## Work to complete
Give the data below again exactly as written, but without the pictures.

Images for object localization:
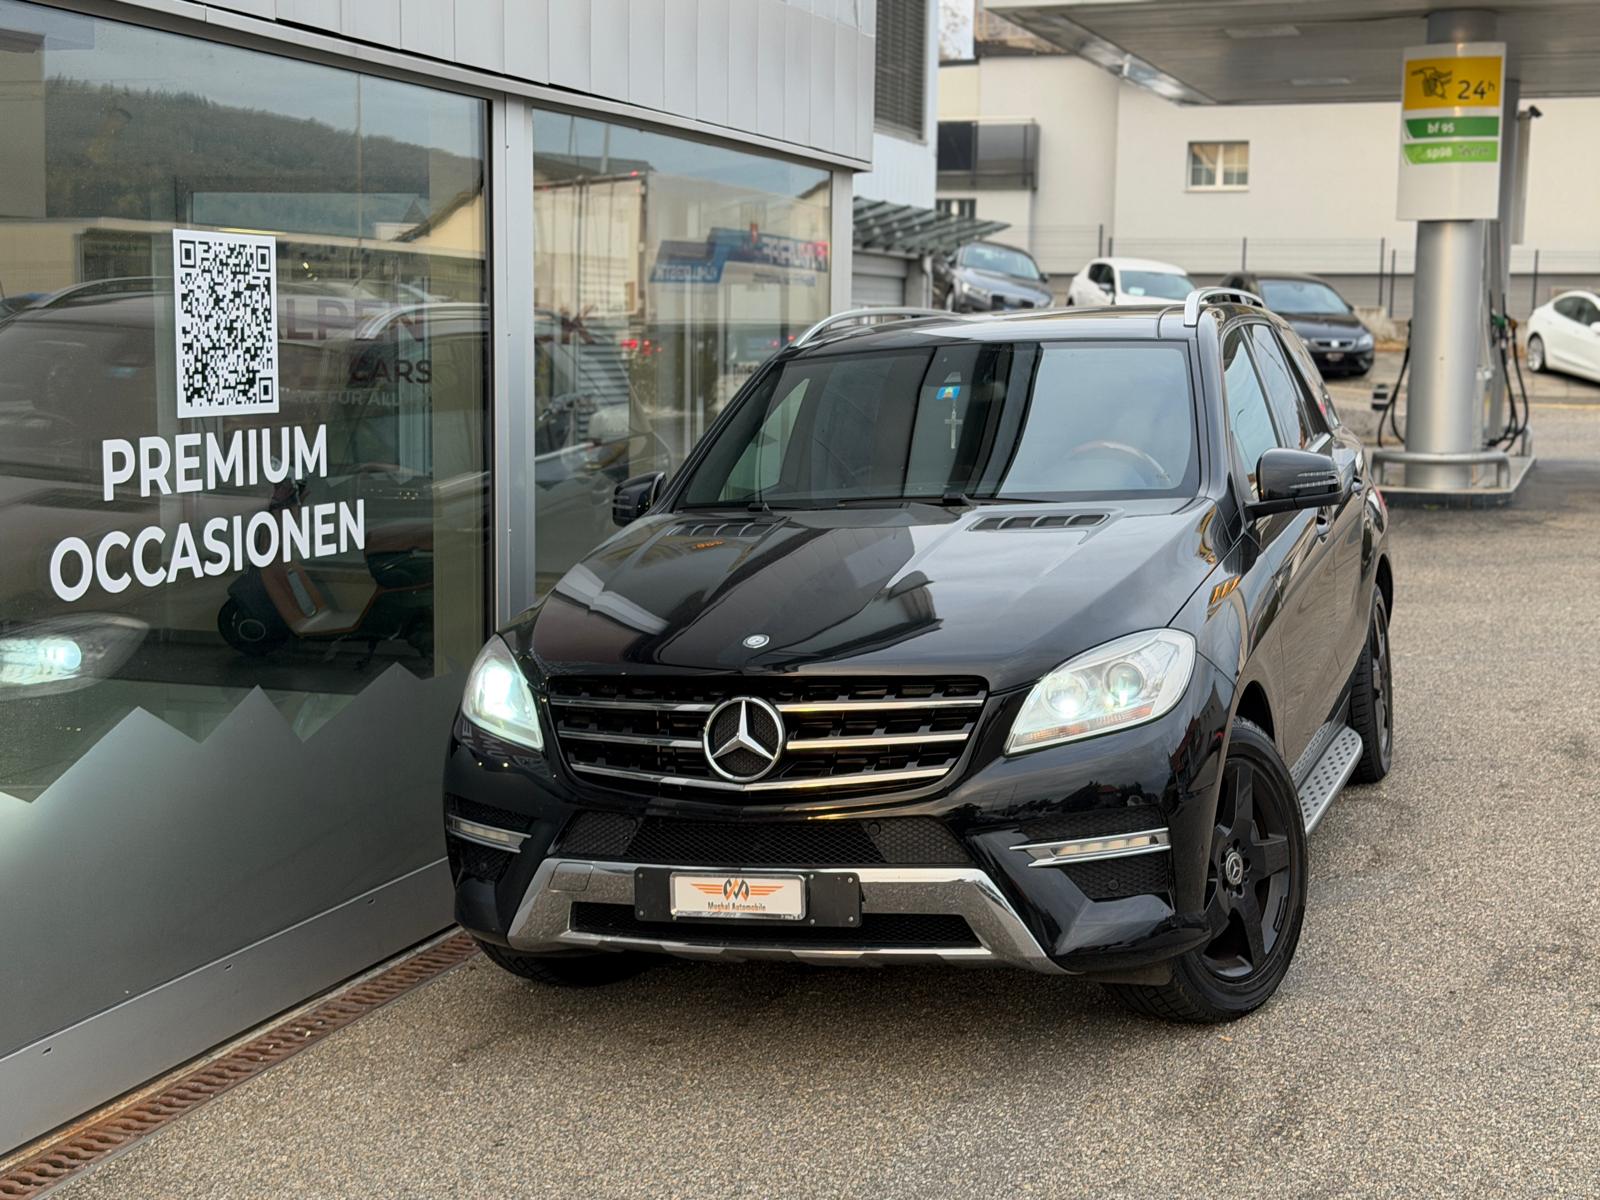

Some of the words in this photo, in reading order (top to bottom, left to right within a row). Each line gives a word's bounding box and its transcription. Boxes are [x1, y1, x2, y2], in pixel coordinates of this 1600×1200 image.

[102, 424, 328, 501] PREMIUM
[49, 499, 366, 602] OCCASIONEN
[732, 901, 767, 912] Automobile
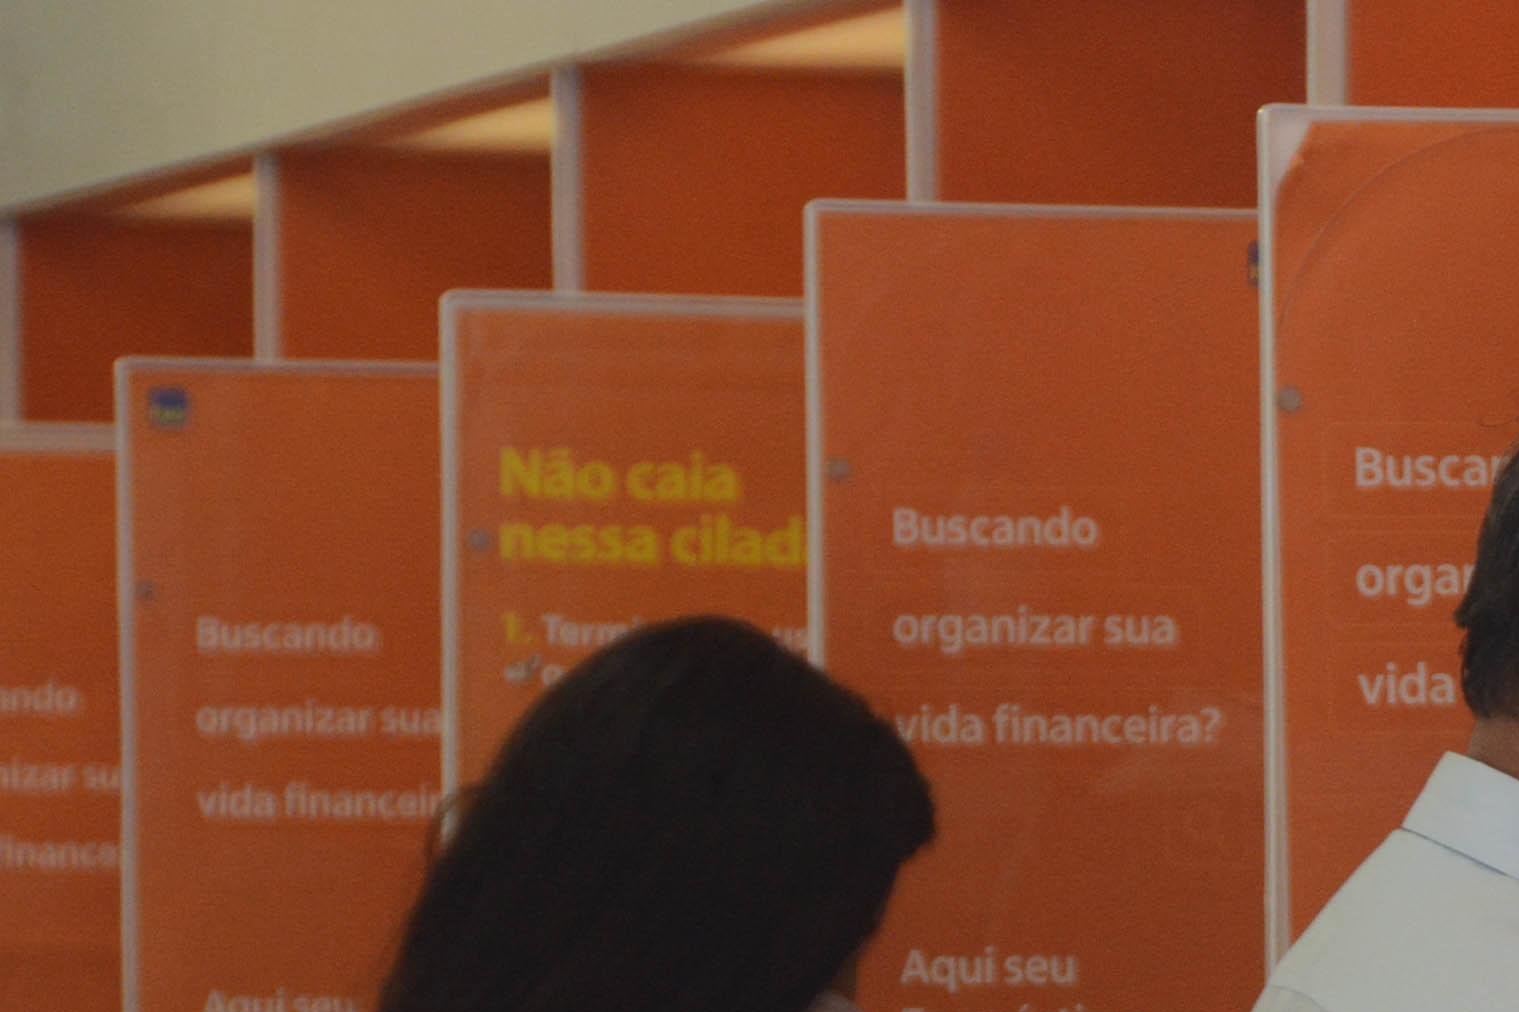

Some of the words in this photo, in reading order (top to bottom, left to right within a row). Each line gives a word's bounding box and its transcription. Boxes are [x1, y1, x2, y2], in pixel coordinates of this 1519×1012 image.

[502, 446, 615, 499] Não
[627, 451, 740, 500] caia
[502, 520, 660, 564] nessa
[893, 506, 1099, 547] Buscando
[196, 616, 381, 652] Buscando
[893, 606, 1092, 656] organizar
[1104, 614, 1178, 646] sua
[1358, 664, 1455, 705] vida
[196, 699, 374, 743] organizar
[897, 705, 986, 744] vida
[992, 704, 1222, 746] financeira?
[198, 781, 277, 818] vida
[902, 947, 996, 990] Aqui
[1004, 954, 1078, 984] seu
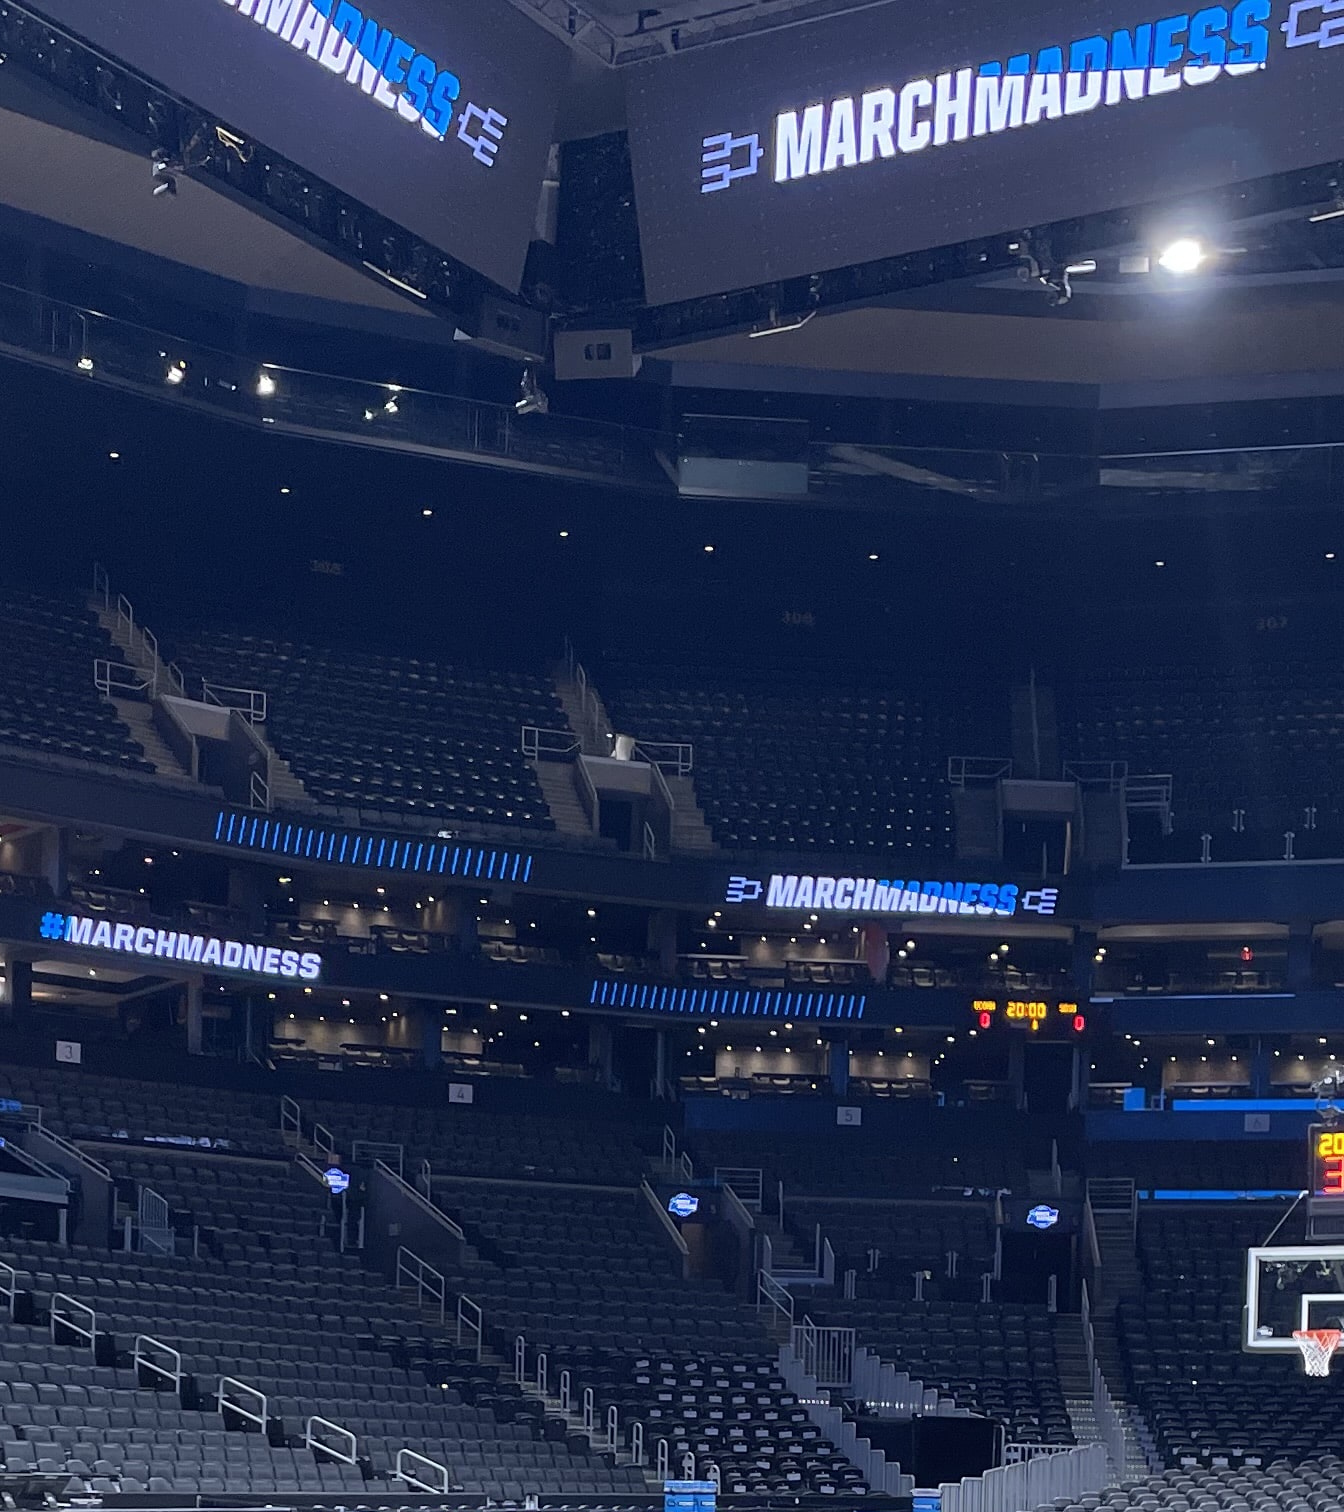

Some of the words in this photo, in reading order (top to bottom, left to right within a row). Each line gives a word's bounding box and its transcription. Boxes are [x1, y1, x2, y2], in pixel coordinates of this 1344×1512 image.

[775, 0, 1270, 183] MARCHMADNESS
[766, 874, 1019, 915] MARCHMADNESS
[41, 912, 321, 979] #MARCHMADNESS
[1006, 1001, 1047, 1019] 20:00
[64, 1045, 73, 1060] 3
[456, 1086, 466, 1101] 4
[844, 1108, 852, 1122] 5

## Result
Some of the words in this photo, in reading order (top to bottom, left to right within a row). Each line gives a word's bounding box and its transcription. Boxes are [x1, y1, x2, y2], in pixel coordinates of this 1600×1200 image.

[102, 424, 328, 501] PREMIUM
[49, 499, 366, 602] OCCASIONEN
[732, 901, 767, 912] Automobile

Some of the words in this photo, in reading order (top to bottom, left to right within a row). Each line gives a word's bounding box and its transcription. Boxes are [x1, y1, x2, y2], in pixel coordinates of this 1519×1012 image.

[502, 446, 615, 499] Não
[627, 451, 740, 500] caia
[502, 520, 660, 564] nessa
[893, 506, 1099, 547] Buscando
[196, 616, 381, 652] Buscando
[893, 606, 1092, 656] organizar
[1104, 614, 1178, 646] sua
[1358, 664, 1455, 705] vida
[196, 699, 374, 743] organizar
[897, 705, 986, 744] vida
[992, 704, 1222, 746] financeira?
[198, 781, 277, 818] vida
[902, 947, 996, 990] Aqui
[1004, 954, 1078, 984] seu

Some of the words in this photo, in reading order (top to bottom, left to right within a row). Each line gives a word's bounding box and its transcription. Boxes are [x1, y1, x2, y2], in pixel coordinates of this 1344×1512 image.

[775, 0, 1270, 183] MARCHMADNESS
[766, 874, 1019, 915] MARCHMADNESS
[41, 912, 321, 979] #MARCHMADNESS
[1006, 1001, 1047, 1019] 20:00
[64, 1045, 73, 1060] 3
[456, 1086, 466, 1101] 4
[844, 1108, 852, 1122] 5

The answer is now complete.